In our study, the load resulted applied to the extremity of the phantom is consistent with the ones applied during in vitro tests [70, 74]. Anyway, our study makes use of a linear motion-control load to execute the torque actions on the phantom, whereas in literature, the adoption of a pure-moment loading is spread [75]: the resulted stiffer behaviour in flexion than in extension is not fully in accordance with in vitro state of art [70, 76–78]. Authors supposed that the reason of this discrepancy could be led by the way of load application, which could influence the behaviour of the spine (motion-control vs load-control). Moreover, the motion was not applied directly to the extremity of the phantom but through a constant arm. Finally, another aspect to keep into consideration is that in [77] the bending stiffness of a lumbar phantom resulted greater in flexion than in extension as highlighted in this study.

Finally, the designing of the numerical multibody models corroborates the effects of the follower load depending on the direction of the bending, already registered in in vitro and in silico studies.
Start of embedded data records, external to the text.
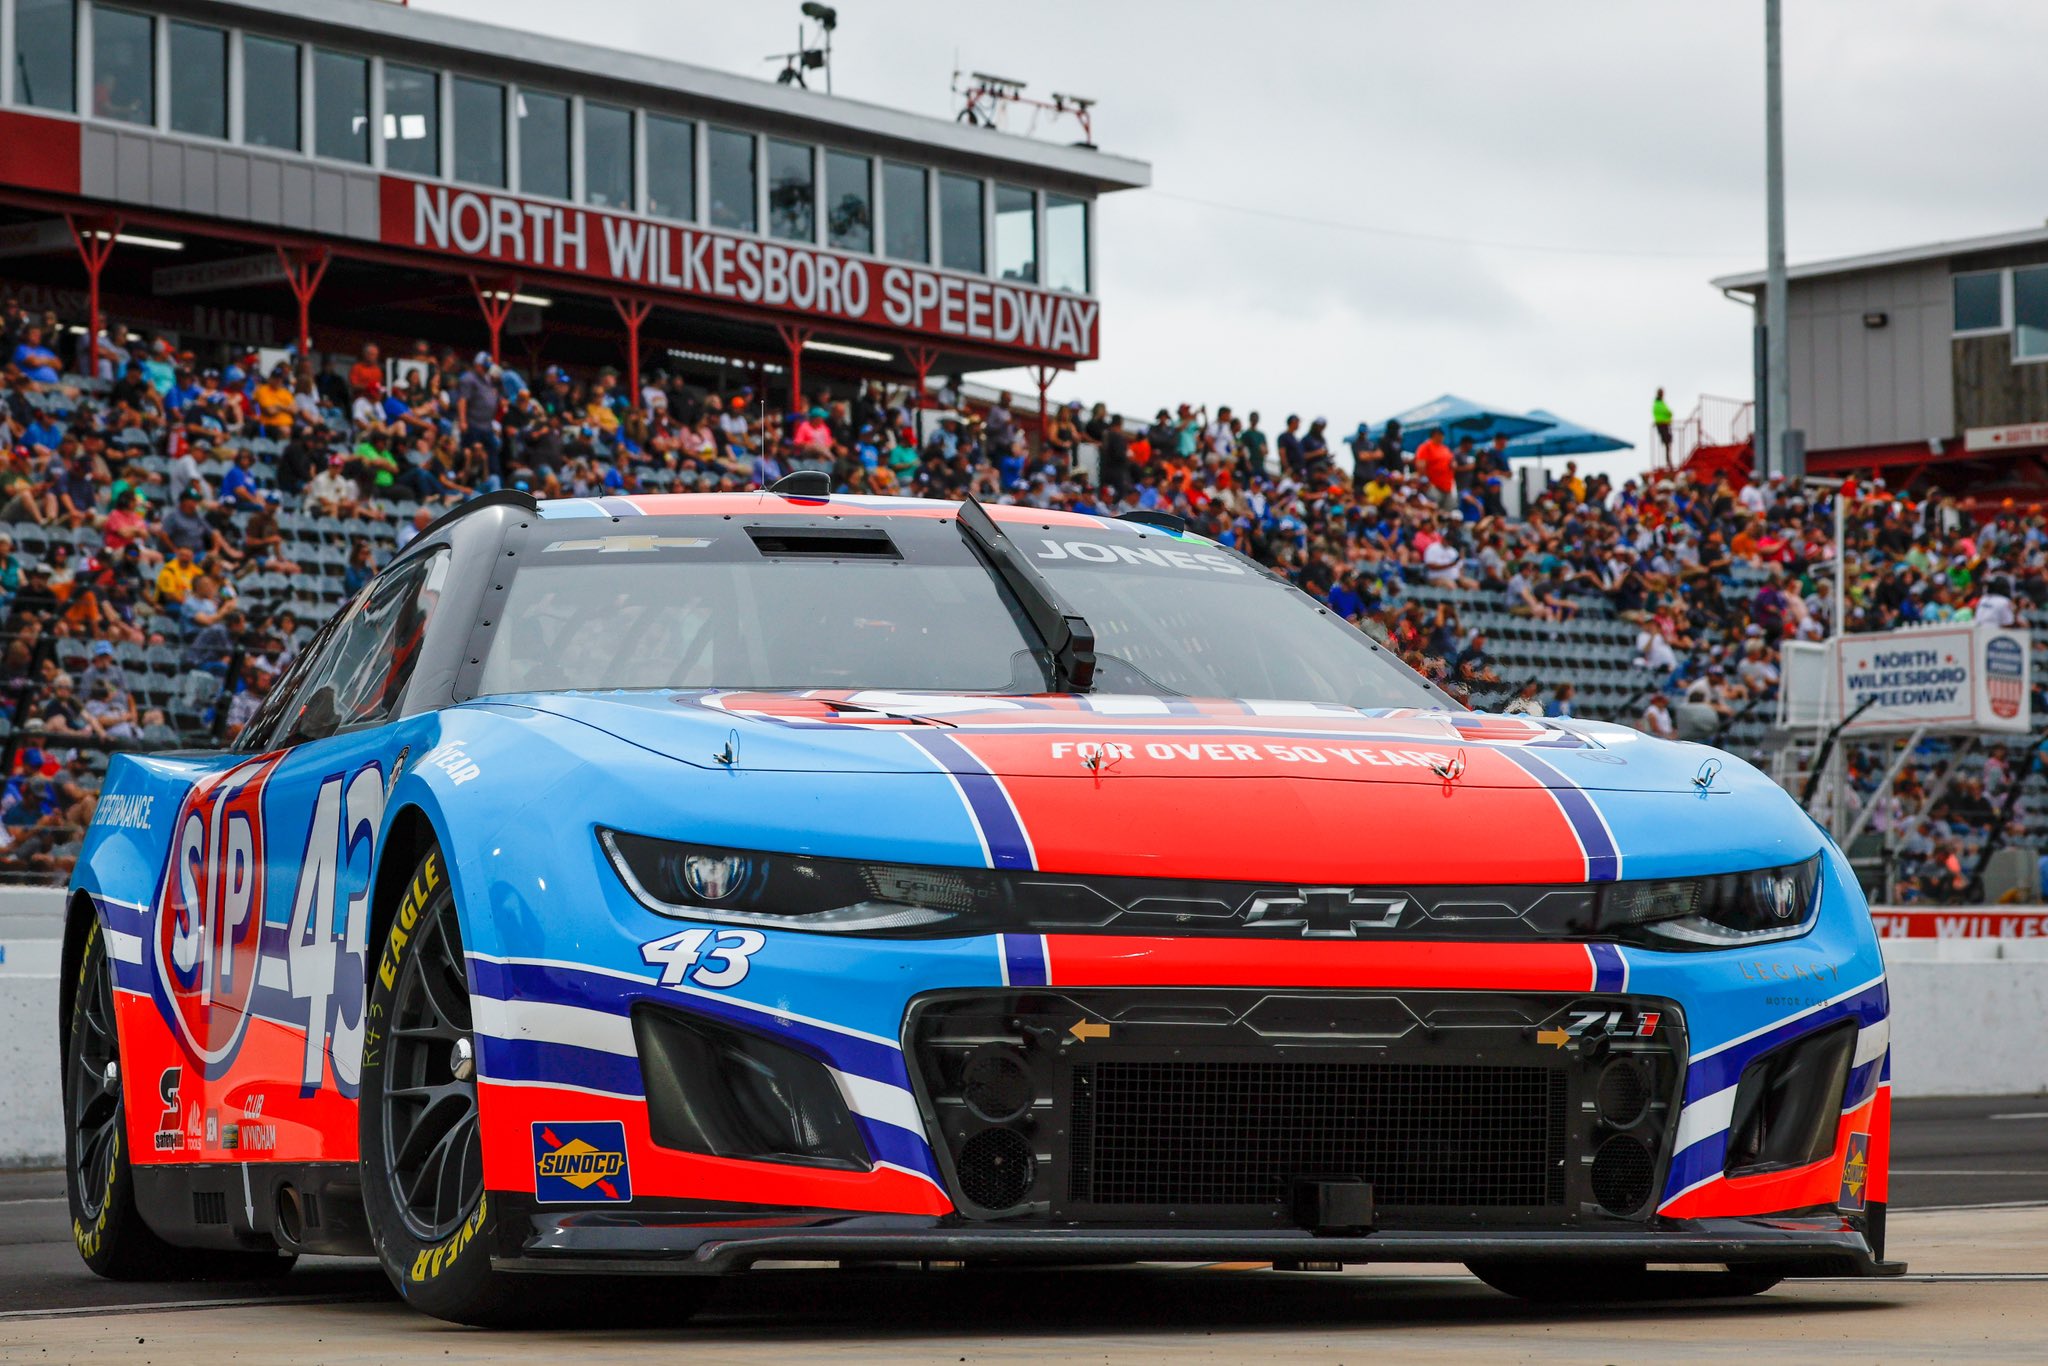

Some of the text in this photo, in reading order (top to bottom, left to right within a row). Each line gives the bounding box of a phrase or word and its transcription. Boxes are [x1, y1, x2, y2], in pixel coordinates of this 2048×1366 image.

[414, 183, 1097, 356] NORTH WILKESBORO SPEEDWAY
[1037, 539, 1245, 575] JONES
[1874, 651, 1938, 669] NORTH
[1847, 667, 1966, 690] WILKESBORO
[1856, 687, 1957, 706] SPEEDWAY
[1051, 742, 1461, 769] FOR OVER 50 YEARS
[171, 760, 272, 1006] STP
[288, 762, 384, 1088] 43
[379, 853, 440, 992] EAGLE
[640, 929, 766, 988] 43
[1738, 962, 1838, 982] LEGACY
[1765, 996, 1829, 1008] MOTOR CLUB
[362, 1003, 384, 1068] R43
[1566, 1011, 1661, 1037] ZL1
[244, 1094, 264, 1119] CLUB
[242, 1124, 276, 1150] WYNDHAM
[541, 1154, 621, 1174] SUNOCO
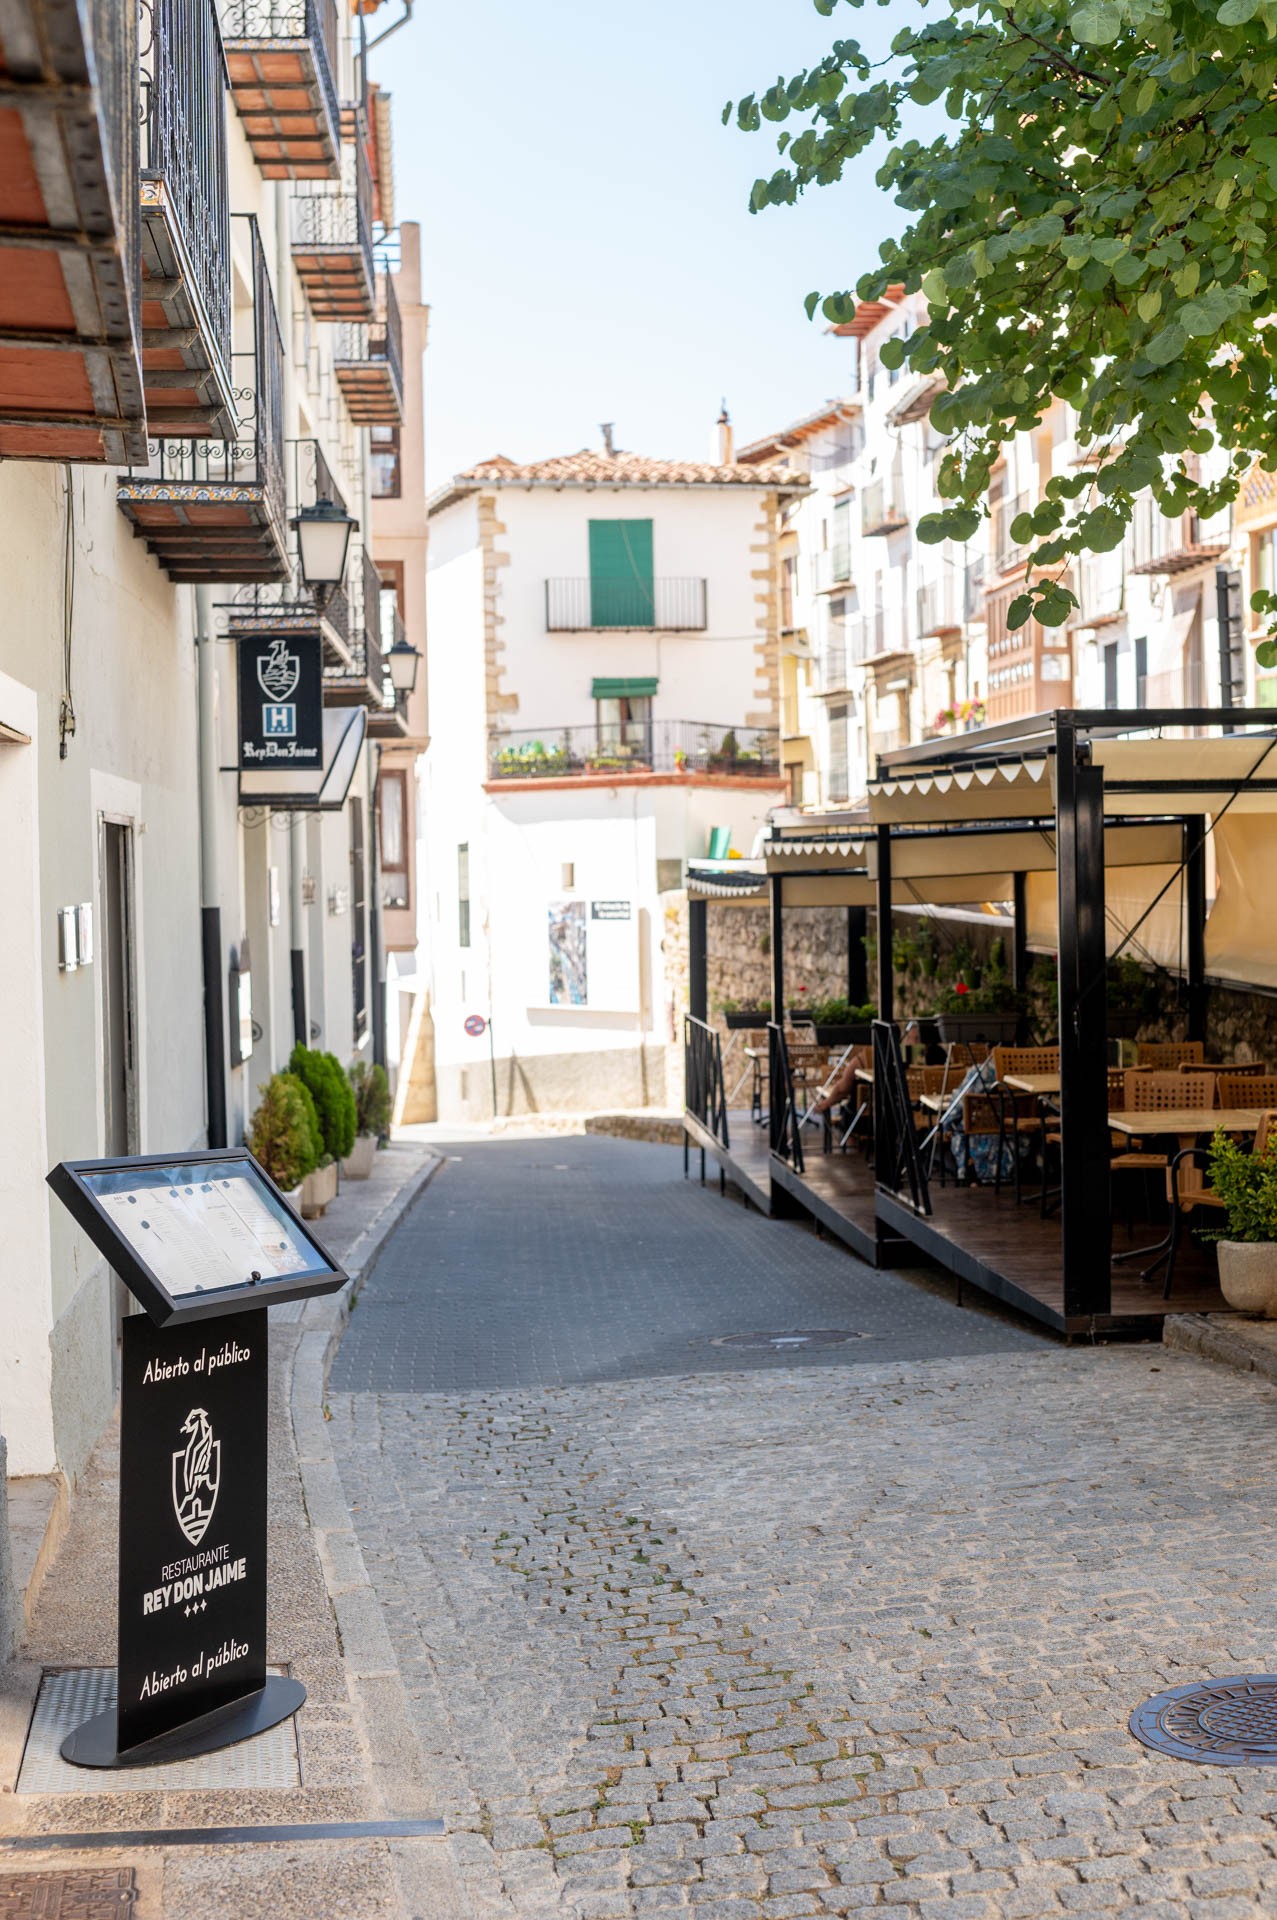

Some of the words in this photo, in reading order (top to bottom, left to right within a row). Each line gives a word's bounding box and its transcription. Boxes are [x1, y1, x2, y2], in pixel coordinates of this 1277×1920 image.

[271, 707, 288, 727] H
[143, 1356, 190, 1385] Abierto
[193, 1347, 206, 1373] al
[207, 1340, 251, 1377] público
[161, 1543, 230, 1582] RESTAURANTE
[143, 1583, 172, 1616] REY
[173, 1572, 204, 1602] DON
[204, 1557, 247, 1592] JAIME
[139, 1664, 188, 1701] Abierto
[191, 1650, 204, 1678] al
[206, 1638, 249, 1679] público
Anteriorly, the follower load induces an increasing bending ROM under for a given load, while posteriorly, it is the opposite.

Besides that, the introduction of the follower load makes the multibody model fit to the experimental results, both in terms of moment-angle profile and kinematic analysis and allows the numerical multibody model to be considered validated with respect to the Sawbones phantom. Therefore, starting from the validated numerical model both spinal pathological conditions and post-orthopaedic surgical outcomes can be consistently simulated. This way, future studies will be pursued to objectify their effects and compare them with the corresponding physiological results. To the best knowledge of the authors, this aspect has not been exploited yet in spinal biomechanics literature [79, 80].

None of the authors have any conflicts of interest to disclose.